* **Activity**
An exact reproduction of all the data is needed, with no images in it.

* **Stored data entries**

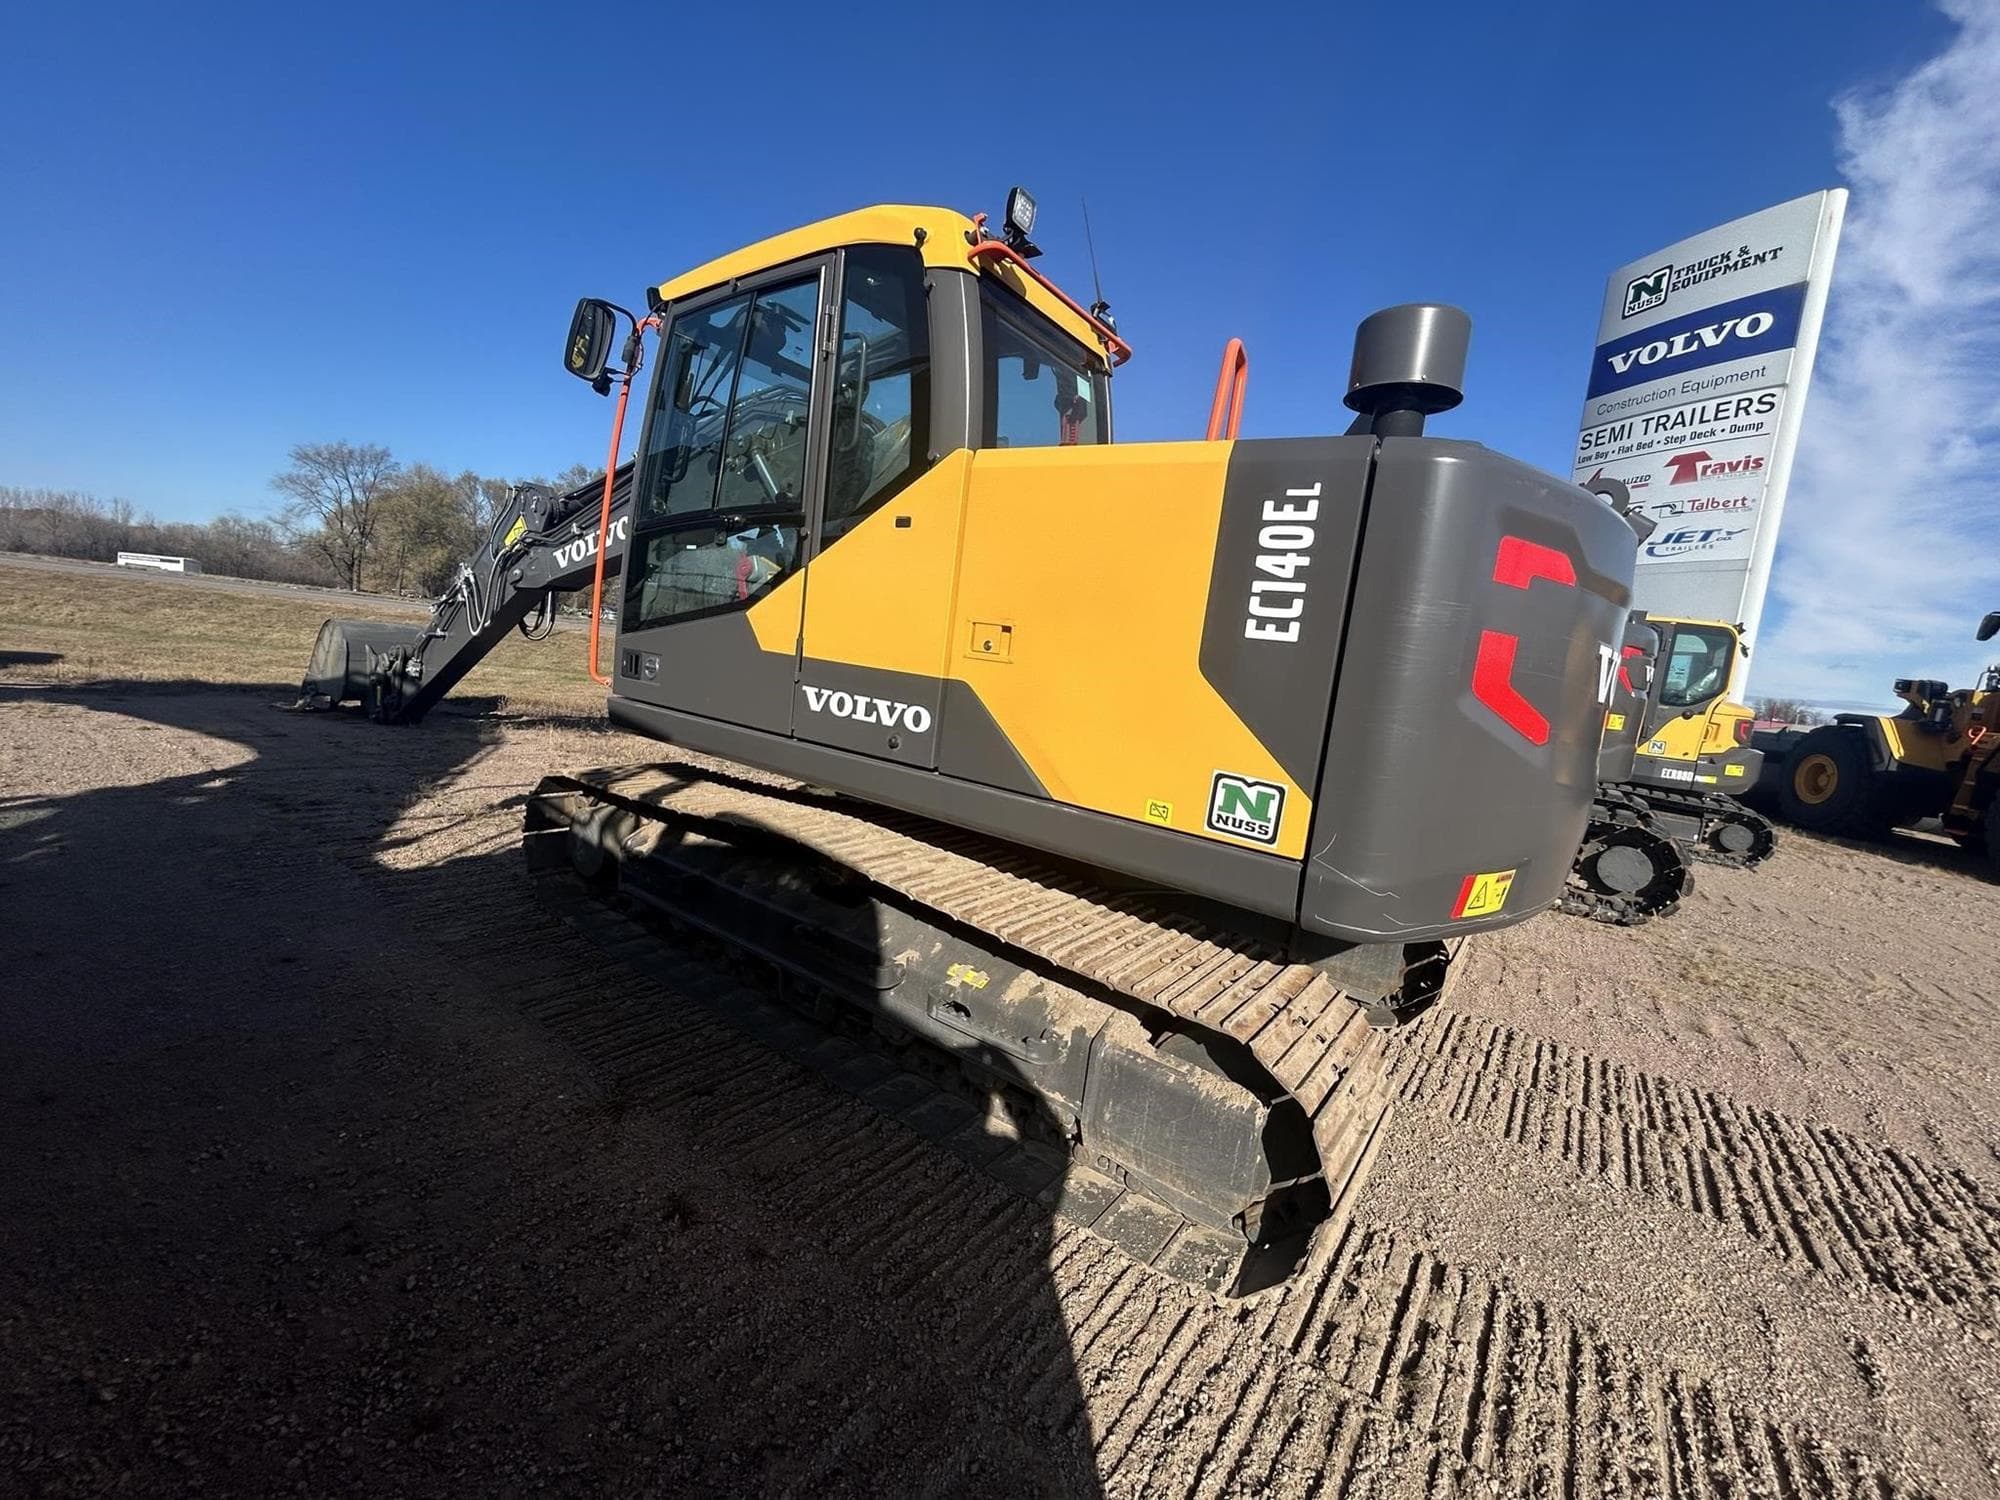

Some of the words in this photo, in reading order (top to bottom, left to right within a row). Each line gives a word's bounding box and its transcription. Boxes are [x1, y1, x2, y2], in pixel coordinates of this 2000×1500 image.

[1670, 247, 1783, 293] EQUIPMENT
[1674, 251, 1731, 280] TRUCK
[1737, 245, 1750, 257] &
[1626, 294, 1662, 313] NUSS
[1608, 312, 1774, 374] VOLVO
[1597, 387, 1676, 416] Construction
[1681, 366, 1767, 393] Equipment
[1578, 454, 1593, 464] Low
[1594, 450, 1610, 462] Boy
[1617, 444, 1634, 455] Flat
[1636, 440, 1654, 451] Bed
[1664, 433, 1686, 446] Step
[1690, 428, 1717, 441] Deck
[1729, 421, 1764, 434] Dump
[1580, 421, 1634, 451] SEMI
[1642, 393, 1777, 436] TRAILERS
[1664, 450, 1764, 486] Travis
[1687, 496, 1749, 512] Talbert
[1648, 528, 1723, 546] JET
[1245, 482, 1322, 643] EC140EL
[802, 685, 931, 733] VOLVO
[1217, 782, 1276, 824] N
[1215, 813, 1270, 836] NUSS
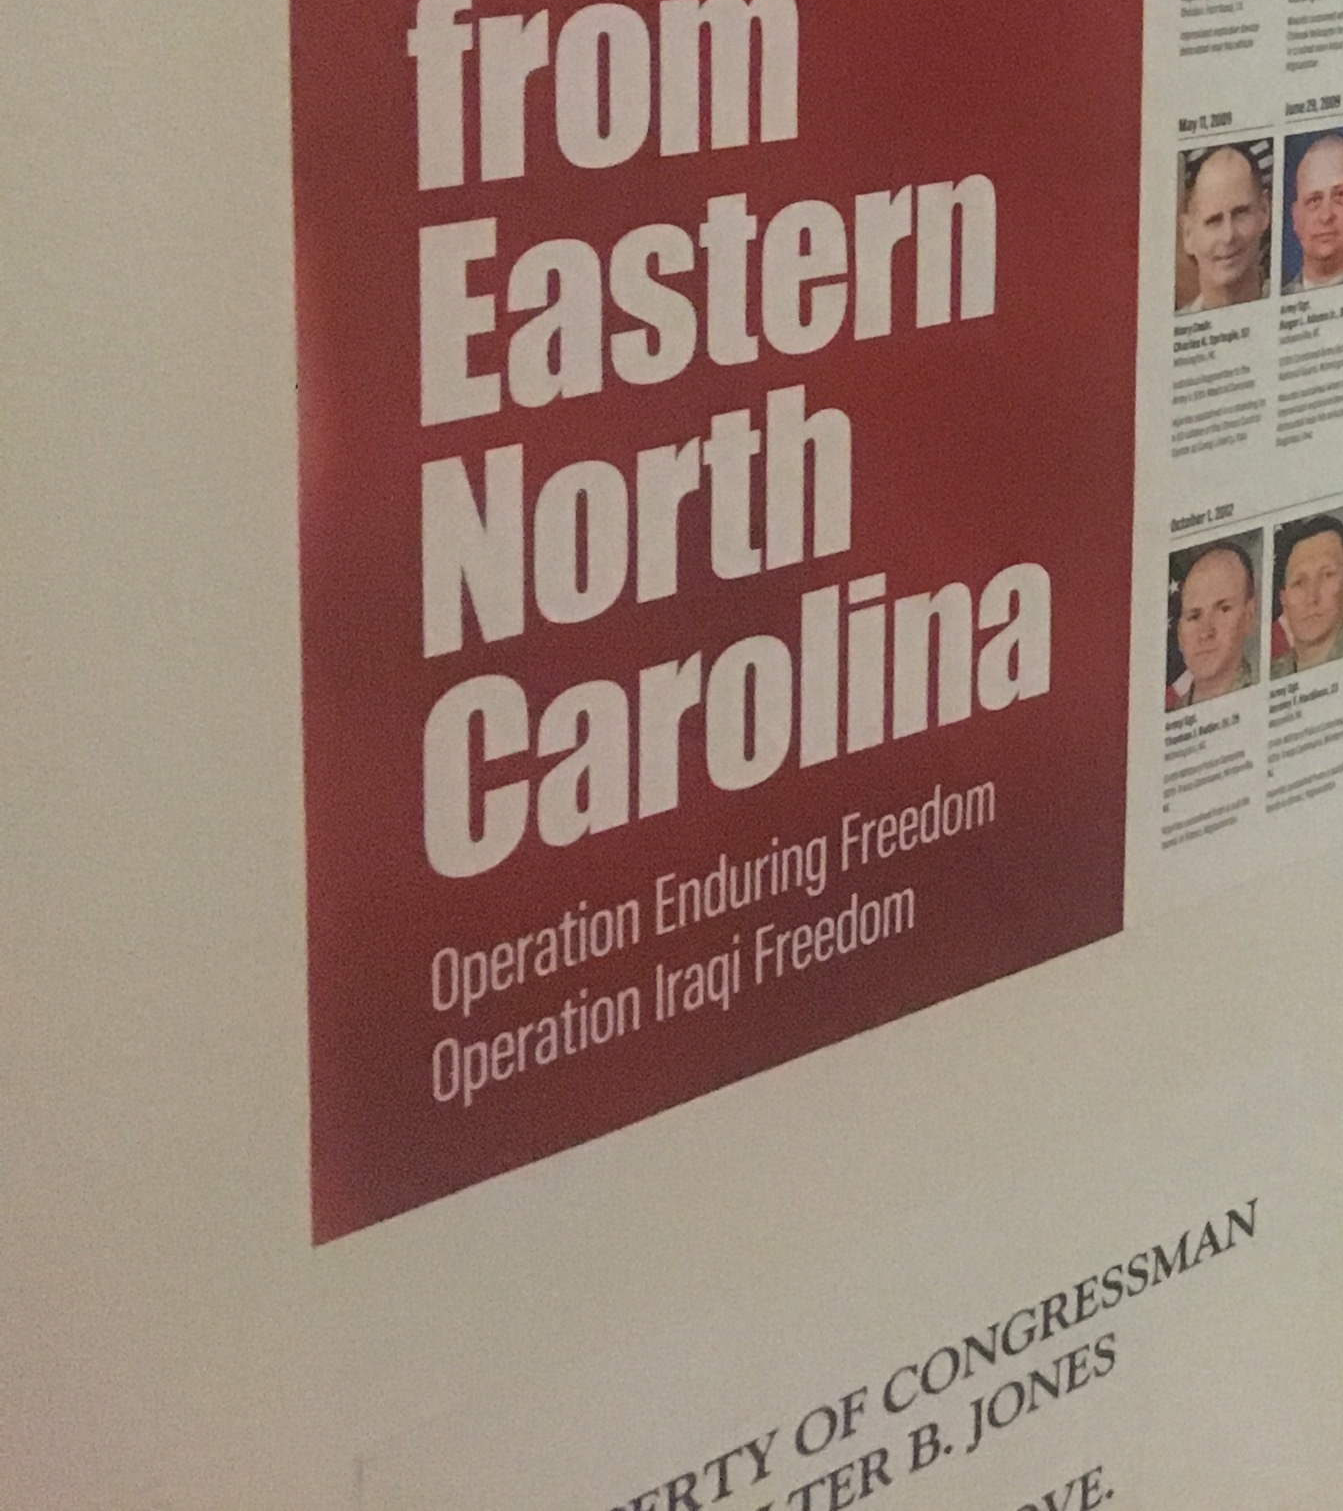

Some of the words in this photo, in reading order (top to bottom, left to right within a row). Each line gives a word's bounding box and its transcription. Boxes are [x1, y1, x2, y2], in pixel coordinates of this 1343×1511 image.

[1179, 118, 1197, 134] May
[1211, 111, 1232, 128] 2009
[1285, 102, 1305, 117] June
[419, 174, 997, 427] Eastern
[421, 384, 853, 659] North
[1171, 512, 1206, 533] October
[423, 562, 1052, 879] Carolina
[431, 897, 640, 1017] Operation
[656, 837, 828, 936] Enduring
[841, 780, 996, 872] Freedom
[431, 987, 641, 1107] Operation
[656, 935, 741, 1022] Iraqi
[755, 887, 915, 985] Freedom
[794, 1386, 868, 1457] OF
[882, 1198, 1259, 1416] CONGRESSMAN
[907, 1423, 954, 1474] B.
[965, 1332, 1117, 1453] JONES
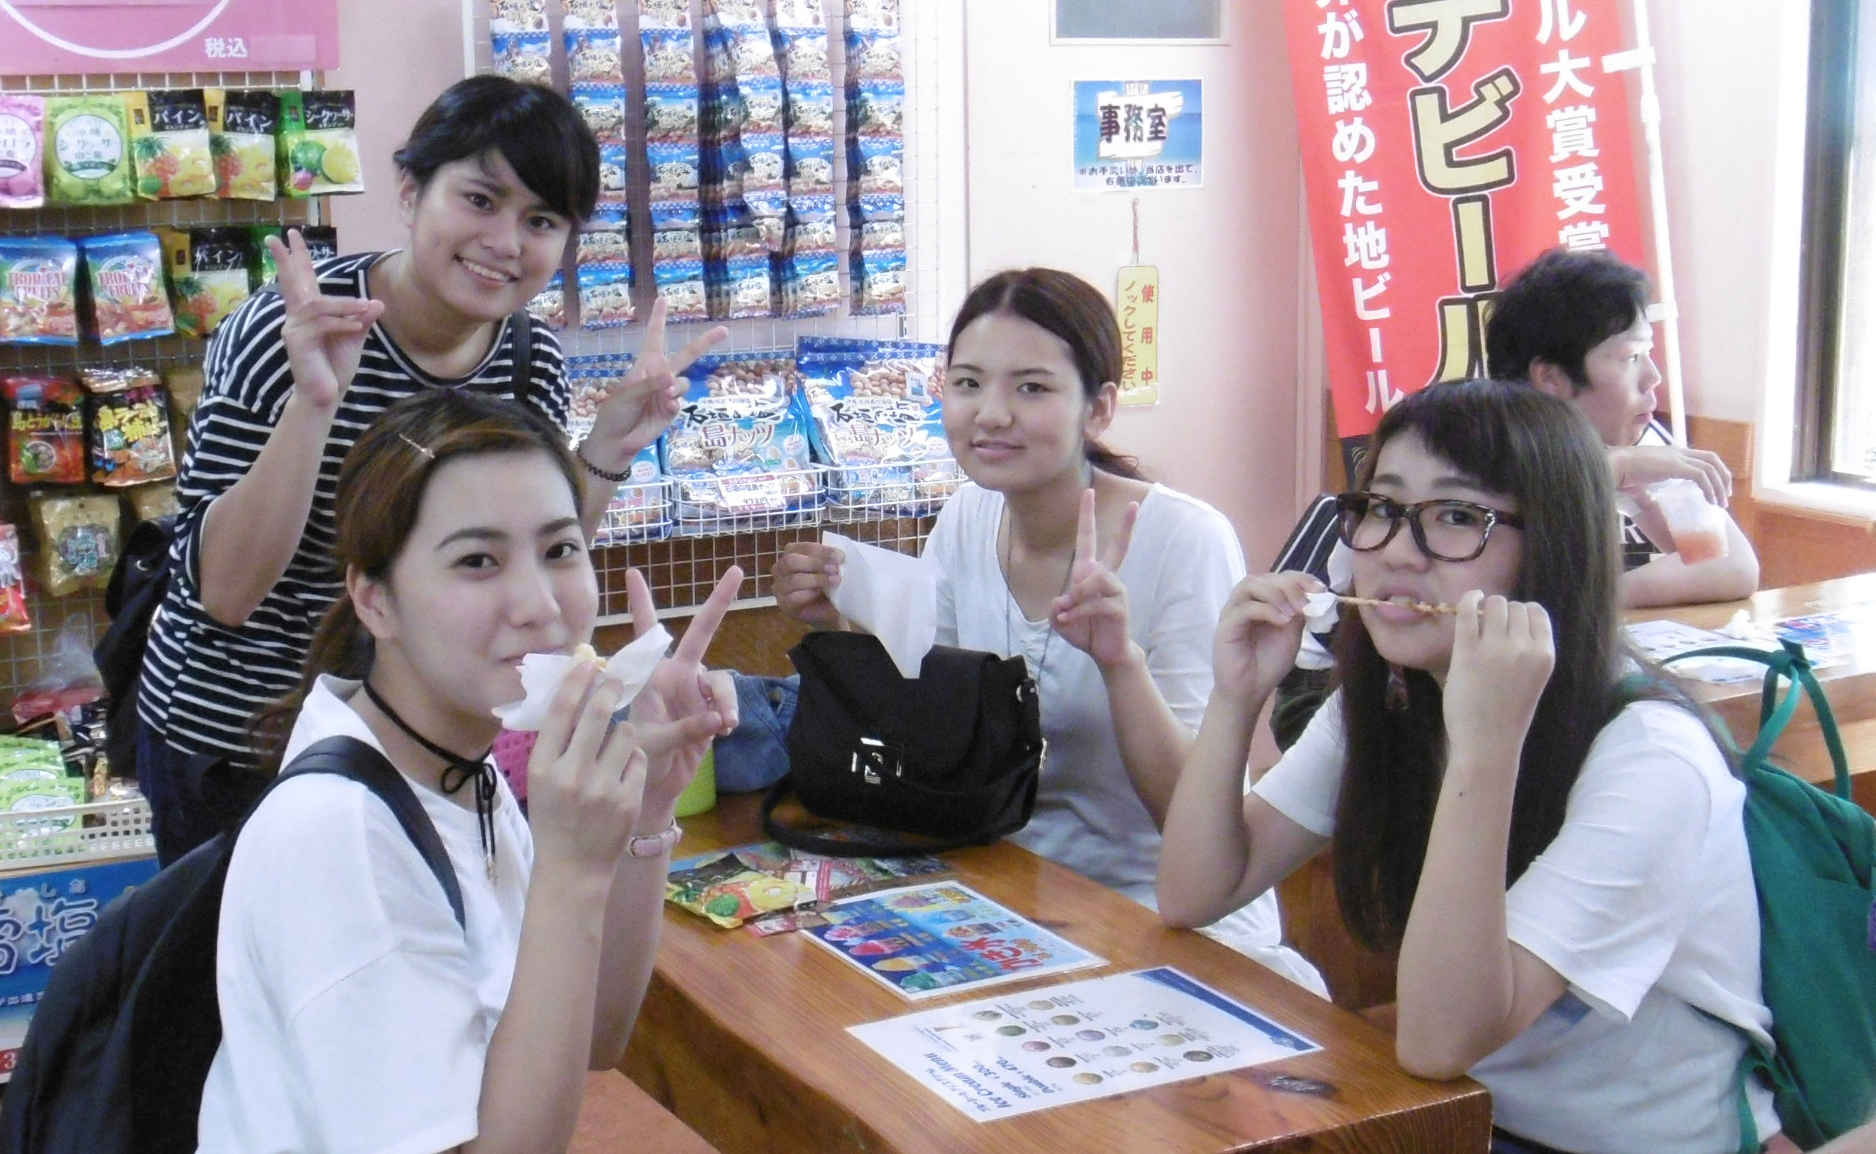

* **Result below**
Some of the words in this photo, in reading order (top to bottom, left to right within a row). Each line gives a word's bounding box and its transcription. Boxes are [x1, y1, x2, y2], in pixel coordinates of this 2000×1500 image.

[1670, 247, 1783, 293] EQUIPMENT
[1674, 251, 1731, 280] TRUCK
[1737, 245, 1750, 257] &
[1626, 294, 1662, 313] NUSS
[1608, 312, 1774, 374] VOLVO
[1597, 387, 1676, 416] Construction
[1681, 366, 1767, 393] Equipment
[1578, 454, 1593, 464] Low
[1594, 450, 1610, 462] Boy
[1617, 444, 1634, 455] Flat
[1636, 440, 1654, 451] Bed
[1664, 433, 1686, 446] Step
[1690, 428, 1717, 441] Deck
[1729, 421, 1764, 434] Dump
[1580, 421, 1634, 451] SEMI
[1642, 393, 1777, 436] TRAILERS
[1664, 450, 1764, 486] Travis
[1687, 496, 1749, 512] Talbert
[1648, 528, 1723, 546] JET
[1245, 482, 1322, 643] EC140EL
[802, 685, 931, 733] VOLVO
[1217, 782, 1276, 824] N
[1215, 813, 1270, 836] NUSS

Some of the words in this photo, in reading order (top to bottom, left to right within a row). Each line gives a word's bounding box and its transcription. Boxes are [x1, y1, x2, y2], in pixel coordinates of this 1343×1511 image.

[1179, 118, 1197, 134] May
[1211, 111, 1232, 128] 2009
[1285, 102, 1305, 117] June
[419, 174, 997, 427] Eastern
[421, 384, 853, 659] North
[1171, 512, 1206, 533] October
[423, 562, 1052, 879] Carolina
[431, 897, 640, 1017] Operation
[656, 837, 828, 936] Enduring
[841, 780, 996, 872] Freedom
[431, 987, 641, 1107] Operation
[656, 935, 741, 1022] Iraqi
[755, 887, 915, 985] Freedom
[794, 1386, 868, 1457] OF
[882, 1198, 1259, 1416] CONGRESSMAN
[907, 1423, 954, 1474] B.
[965, 1332, 1117, 1453] JONES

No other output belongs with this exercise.